Se si esclude un ottimo successo nella cure delle Leucemie Acute e qualche timido successo nel settore dermatologico, in tutti gli altri campi di applicazione ( Diabete Mellito, Infarto del Miocardio, Miocardiopatie, Malattie Ematologiche, Malattie degenerative del Sistema Nervoso, specie M. di Parkinson e SLA), in genere si registrano impercettibili miglioramenti, insuccessi, in alcuni casi peggioramento, comparsa di tumori, difficoltà a trovare il la sede esatta di inoculo, al punto che , con un’ordinanza, il Ministro Balduzzi il 15 maggio scorso ha vietato ufficialmente la cura con le Staminali».

A questo punto il dott. Messina ha fatto una considerazione: «ai pazienti poco conta che a tutt’oggi per il Diabete Mellito dell’adulto, per l’Infarto del Miocardio, per il M. di Parkinson e per tante altre malattie ematologiche e del connettivo persistono incertezze con la terapia staminale; la farmacopea corrente è abbastanza valida per fronteggiare tali patologie; il discorso cambia quando entrano in gioco le Malattie Ereditarie Rare, le distrofie muscolari la SLA e tante altre malattie che non riconoscono alcun trattamento: per tutte queste patologie le cellule staminali rappresentano l’ultima spes alla quale si aggrappano migliaia e migliaia di famiglie. Per questa moltitudine di persone, in genere familiari, costretti ad andare incontro a decreti Balduzzi, a chiusura di centri per mancanza di fondi, a spostarsi in luoghi distanti anche migliaia di chilometri, a fidarsi, a pagamento, dell’ultimo centro aperto, si dischiude un vero e proprio calvario. C’è poi il rischio che tanta gente speranzosa cada vittima di speculazioni pecuniarie o di ambizioni carrieristiche di medici ambizioni ed incoscienti».

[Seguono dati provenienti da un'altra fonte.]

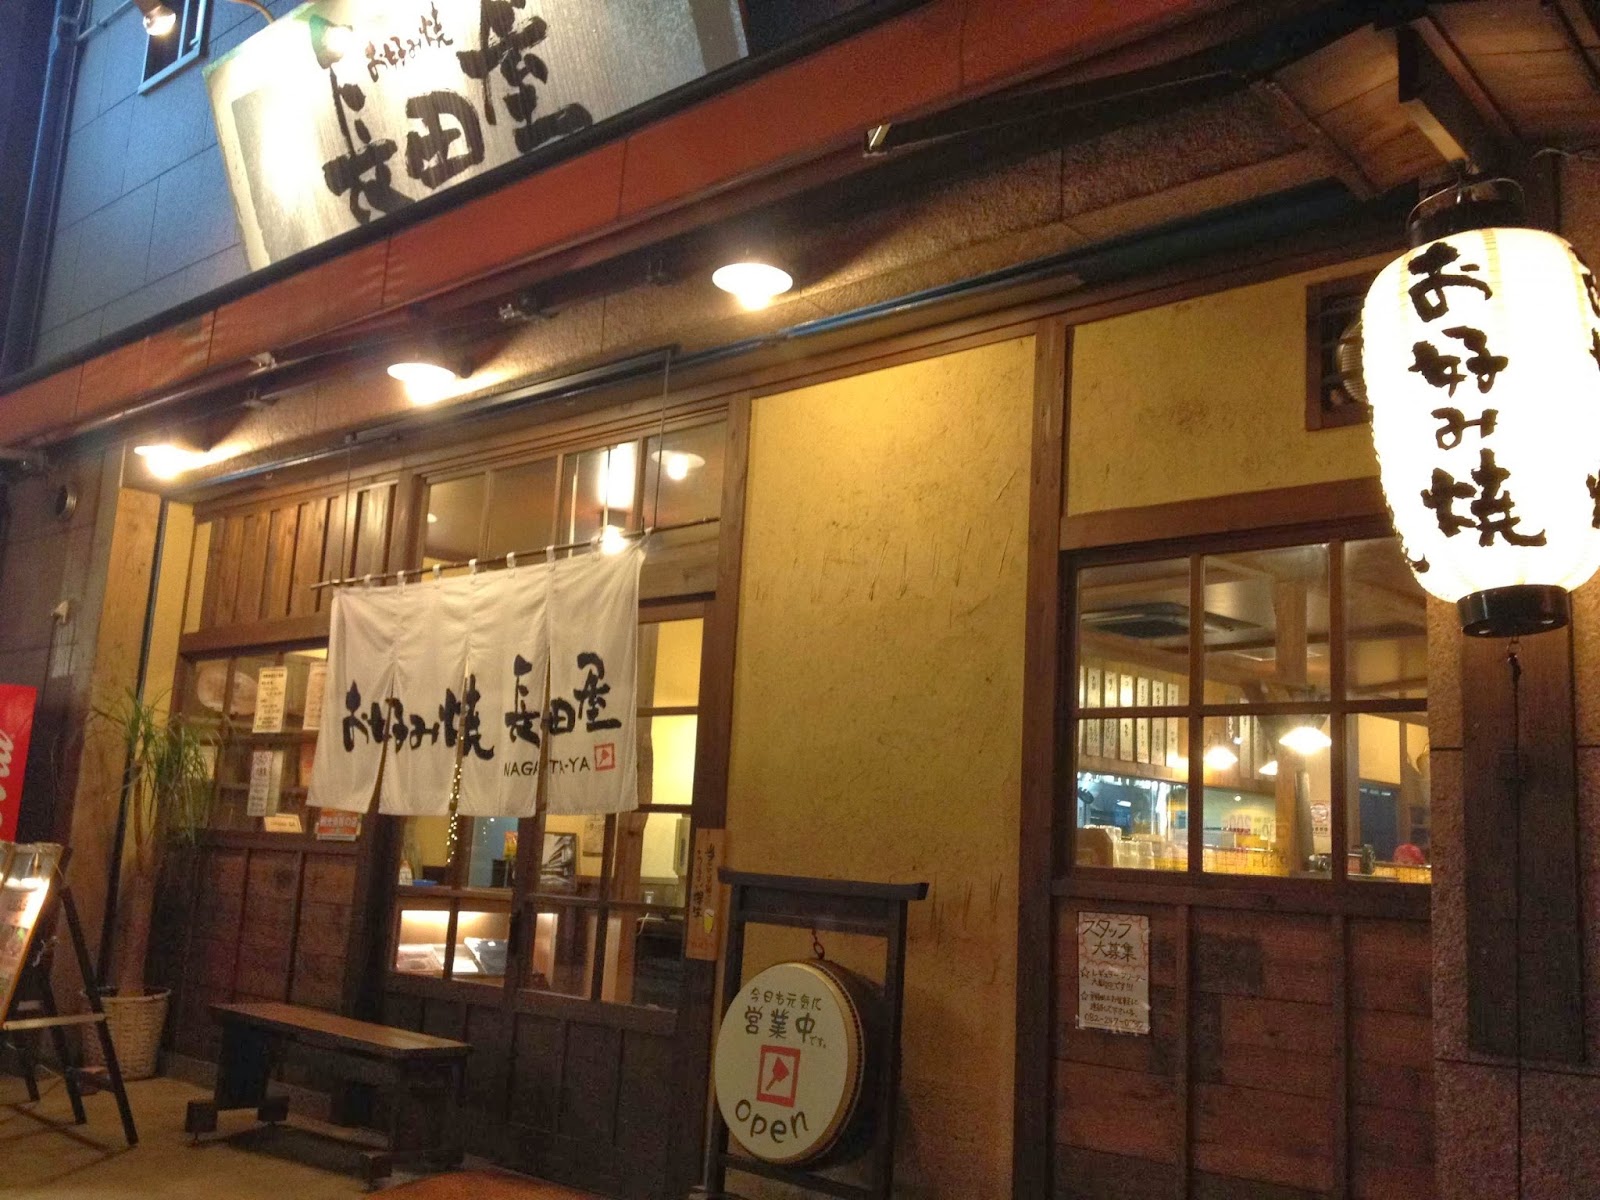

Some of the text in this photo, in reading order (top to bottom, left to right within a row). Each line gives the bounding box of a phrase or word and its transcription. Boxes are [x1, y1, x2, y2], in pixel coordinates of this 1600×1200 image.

[365, 1, 453, 82] お好み焼
[1408, 242, 1546, 547] お好み焼
[1083, 919, 1132, 939] スタッフ
[1092, 941, 1137, 962] 大募集
[750, 987, 822, 1011] 今日も元気に

Il dottore Messina ha concluso affermando che «occorre tenere gli occhi bene aperti perché buttare la spugna è sconveniente in questo momento, date le tante possibilità che offrono le staminali, anche perché si offrono, a pieno titolo, in un futuro abbastanza prossimo, per la cura di quelle malattie che ancora affliggono gli uomini ad inizio del terzo millennio: i Tumori».

Il Prof. Enzo Di Natali ha affrontato la tematica del dibattito etico sul cellule staminali evidenziando tra l’altro, che: «Nel decennio 2001-2010 abbiamo assistito ad un caloroso dibattito etico sulle cellule staminali. Complessivamente l’impiego di queste cellule non suscitano alcun problema etico, tranne la fonte da dove esse vengono prelevate. Infatti, noi abbiamo diverse fonti di prelievo: sangue periferico, cordone ombelicale, mesenchimali ed embrionali. Recentemente sono state individuate cellule staminali in quasi tutti gli organi del nostro corpo. Tra le fonti sopra menzionate, le uniche che sono oggetto di dibattito etico sono quelle embrionali, poiché il loro prelievo comporta la distruzione dell’embrione umano, che, secondo la genetica moderna, soprattutto dopo la conoscenza del genoma umano, è l’inizio di una vita umana individuale, nei confronti della quale nessuno ha il potere di distruggerla. Da quel momento,questa vita umana individuale necessita il massimo rispetto».